The performance of the DAs and their individual components was assessed against the Draize eye test. Note that for the selection of the reference chemicals from the Cosmetics Europe Draize Eye Test Reference Database, the key criteria as identified by Barroso and coworkers were applied. 9 In brief, the reference set for each DA contained chemicals classified based on the most important drivers of in vivo Cat. 1 classification (severity and/or persistence of corneal opacity [CO]) and of in vivo Cat. 2 classification (CO severity or conjunctival (Conj.) effects). For the set of in vivo No Cat. chemicals, the majority of the chemicals did belong to the subgroup CO = 0 (CO scores equal to 0 in all animals and all observed time points) and the remaining chemicals did belong to the subgroups CO >0 and CO >0 ** (CO scores not equal to 0 in at least one animal). No Cat. studies marked with ** are studies for which at least one animal had a mean of the scores of days 1–3 above the classification cutoff for at least one endpoint but not in enough animals to generate a classification.
The overall accuracy, the proportion of correctly identified Cat. 1, Cat. 2, and No Cat., underprediction, overprediction, false negative (FN) rate, and false positive (FP) rate for DAL-1 and DAL-2 were published by Alépée and coauthors.2,3 At the time the DAs were developed, no international agreed performance criterion was available to assess their predictive capacity. Therefore, the criteria that were set during the CONsortium for in vitro Eye Irritation testing strategy (CON4EI) project were used initially to develop DAL-1 and DAL-2. 10
Following the introduction of the DAs to the OECD expert group on eye/skin irritation/corrosion and phototoxicity, Cosmetics Europe proposed target values to assess the performance of DAs for eye hazard identification to distinguish between the three UN GHS categories. The proposed target values considered the uncertainty of the Draize eye test by taking into account the within- and between-test variability.9–11 After discussion with the OECD expert group, a consensus was reached on the performance criteria to assess the predictivity of DAs.
The aim of this article was to assess the performance of DAL-1 and DAL-2 for eye hazard identification to distinguish between the three UN GHS categories based on the target values agreed upon by the OECD expert group. In addition, it is the first time that class-specific performance metrics (sensitivity, specificity, and balanced accuracy) based on a one-versus-all other classes approach were provided for each DA. 12 To gain further insight in explaining the performance in the context of the applicability domain of the individual DAs, the predictivity was also assessed based on the drivers of classification and by the organic functional group (OFG).
Materials and Methods
Data sources
The set of reference chemicals was composed of 173 monoconstituent liquids and 16 liquids tested in dilution (DAL-2 only). The purity of the chemicals should be as high as possible and ideally ≥95%. 9 From the set of neat liquids, 156/173 (90.2%) had a purity of at least 95% and 164/173 (94.8%) had a purity of at least 90%. For the chemicals that were tested in dilution, 13/16 (81.3%) liquids had a purity of at least 95% for the neat material. The set of liquids covered a broad range of chemical classes, industrial uses, and OFGs (79 different OFGs) defined according to OECD QSAR Toolbox analysis (version 3.2; www.oecd.org/chemicalsafety/risk-assessment/theoecdqsartoolbox.htm).
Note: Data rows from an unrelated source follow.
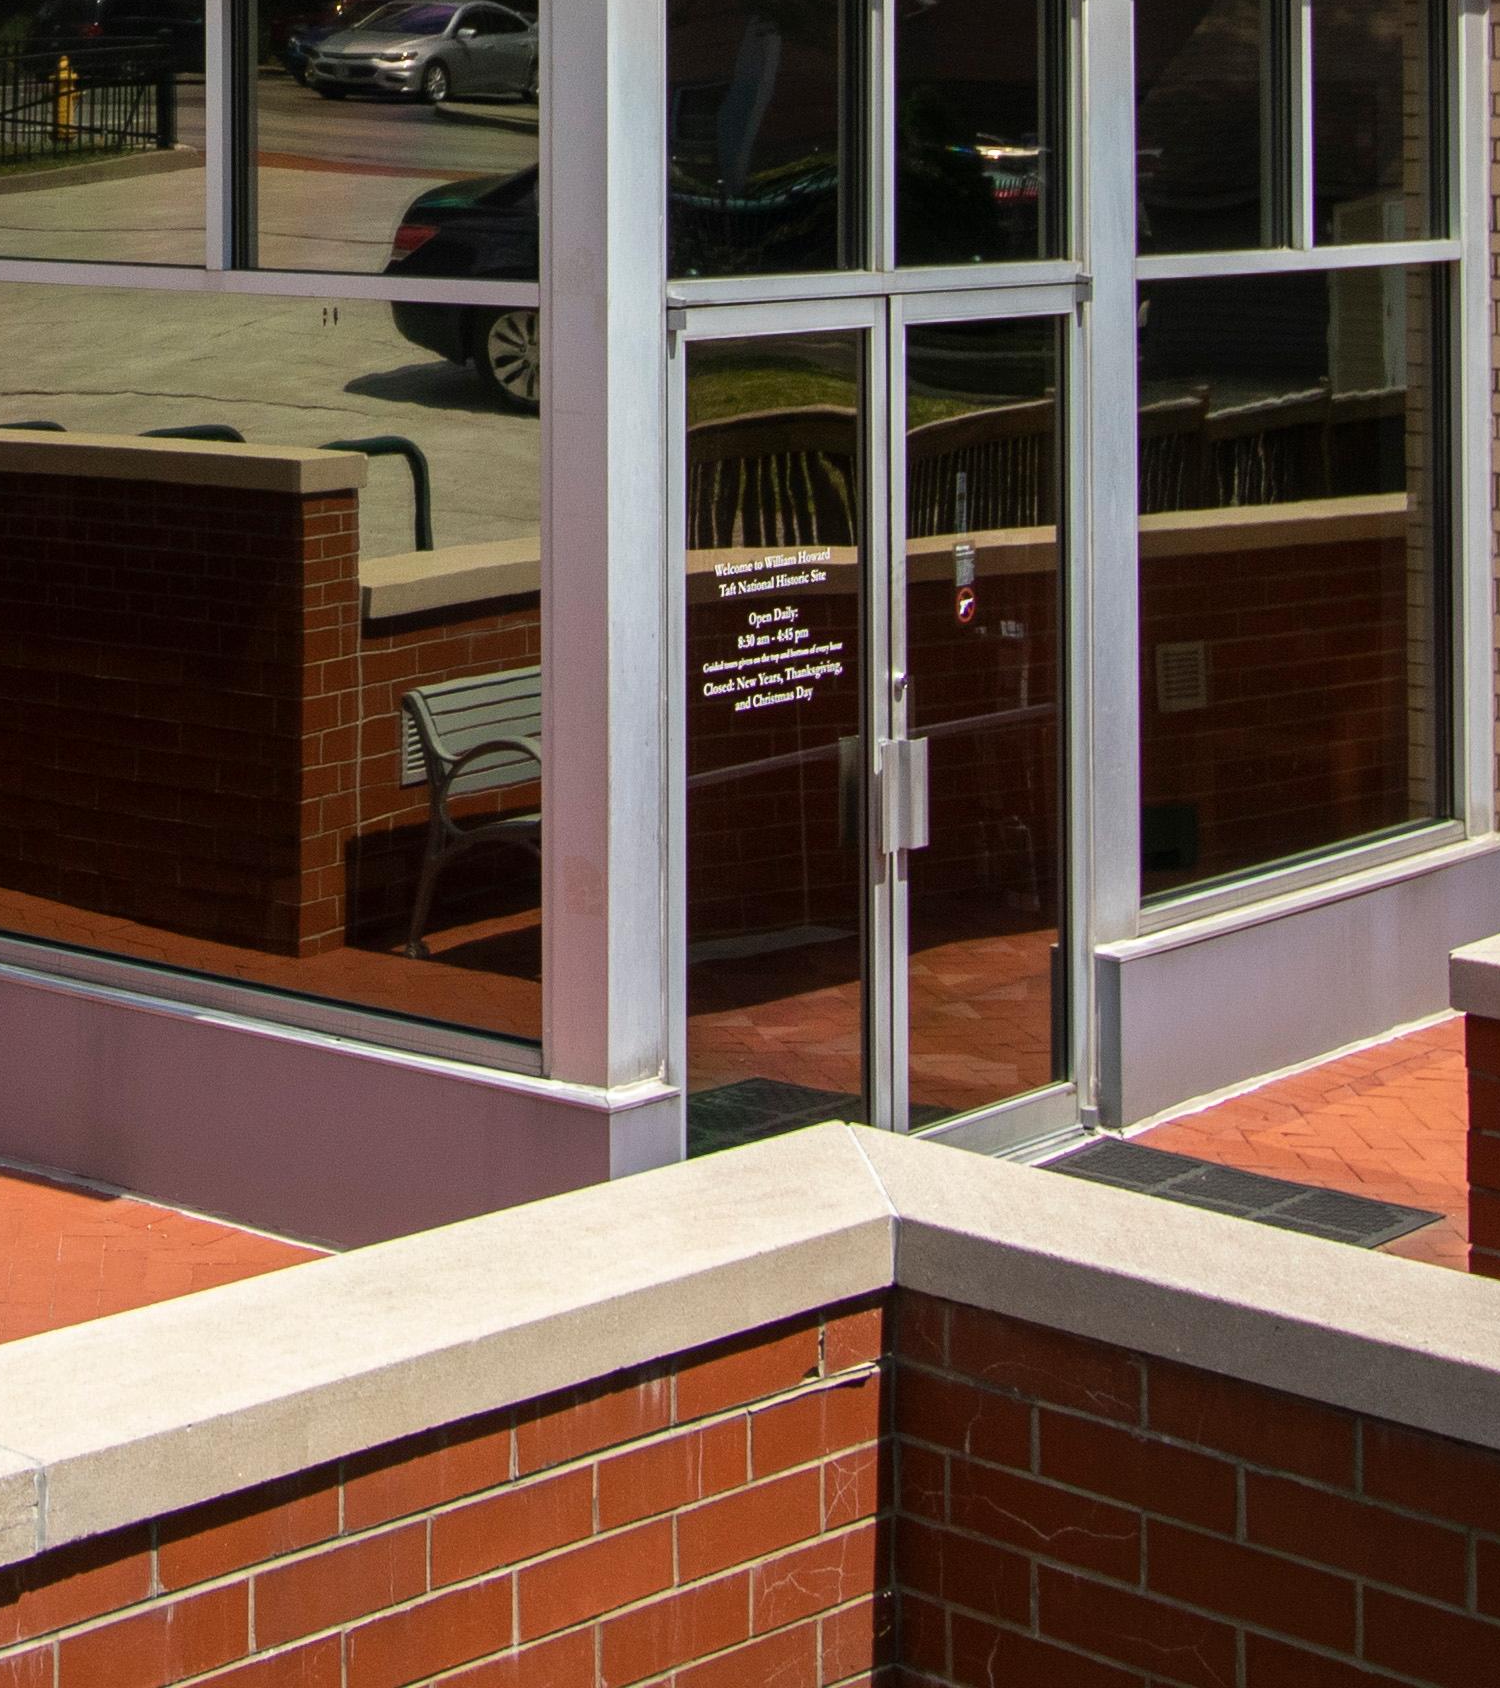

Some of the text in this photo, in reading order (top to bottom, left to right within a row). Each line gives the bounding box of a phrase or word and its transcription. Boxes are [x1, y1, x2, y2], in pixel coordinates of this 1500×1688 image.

[714, 547, 831, 577] Welcome to William Howard
[719, 569, 827, 597] Taft National Historic Site
[748, 606, 799, 629] Open Daily:
[738, 634, 756, 649] 8:30
[756, 635, 771, 646] am
[776, 627, 794, 643] 4:45
[795, 628, 809, 643] pm
[703, 660, 843, 696] Closed: New Years, Thanksgiving,
[734, 685, 814, 711] and Christmas Day
The distribution of the reference chemicals by UN GHS category is provided in Table 1. The individual test substances are listed in the Supplementary Data. Details on the data sources of the different components of the DAs (RhCE, STE, BCOP LLBO, and physicochemical properties) and the Draize eye test reference data are published by Alépée et al.2,3
Distribution of the Reference Chemicals
n/n (n): number of neat liquids tested with DAL-1 with VRM1/DAL-1 with VRM2 (number of liquids tested in common).
EIT, eye irritation test; HCE, human corneal epithelium; UN GHS, United Nations Globally Harmonized System of Classification; VRM1, validated reference method—EpiOcular™ EIT; VRM2, validated reference method—SkinEthic™ HCE EIT.
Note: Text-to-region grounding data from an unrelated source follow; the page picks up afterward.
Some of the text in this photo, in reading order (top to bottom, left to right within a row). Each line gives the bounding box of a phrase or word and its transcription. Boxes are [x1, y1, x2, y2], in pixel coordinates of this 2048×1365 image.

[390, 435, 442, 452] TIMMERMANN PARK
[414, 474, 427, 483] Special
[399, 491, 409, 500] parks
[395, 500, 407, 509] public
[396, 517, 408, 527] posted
Evaluation of the performance of the DAs
The performance of each DA was assessed by comparing the prediction results with the classification based on historical in vivo Draize eye test data. For each chemical, the predicted class was obtained by considering all available results of each in vitro test method. This resulted sometimes in discordant predictions for a chemical and, therefore, a weighted calculation approach was used so that all chemicals had the same weight (weight of 1). Consider, for example, the prediction results for methyl cyanoacetate (CASRN 105-34-0) with DAL-2. For this liquid, two BCOP LLBO results were available, both having an opacity <145, and, therefore, the final prediction is based on the STE test method. The STE resulted two times in a No Cat. prediction and two times in No prediction can be made for which a Cat. 2 prediction was assigned. The corresponding weights for “No Cat.” and for “Cat. 2” were 0.5 (2/4) and 0.5 (2/4), respectively.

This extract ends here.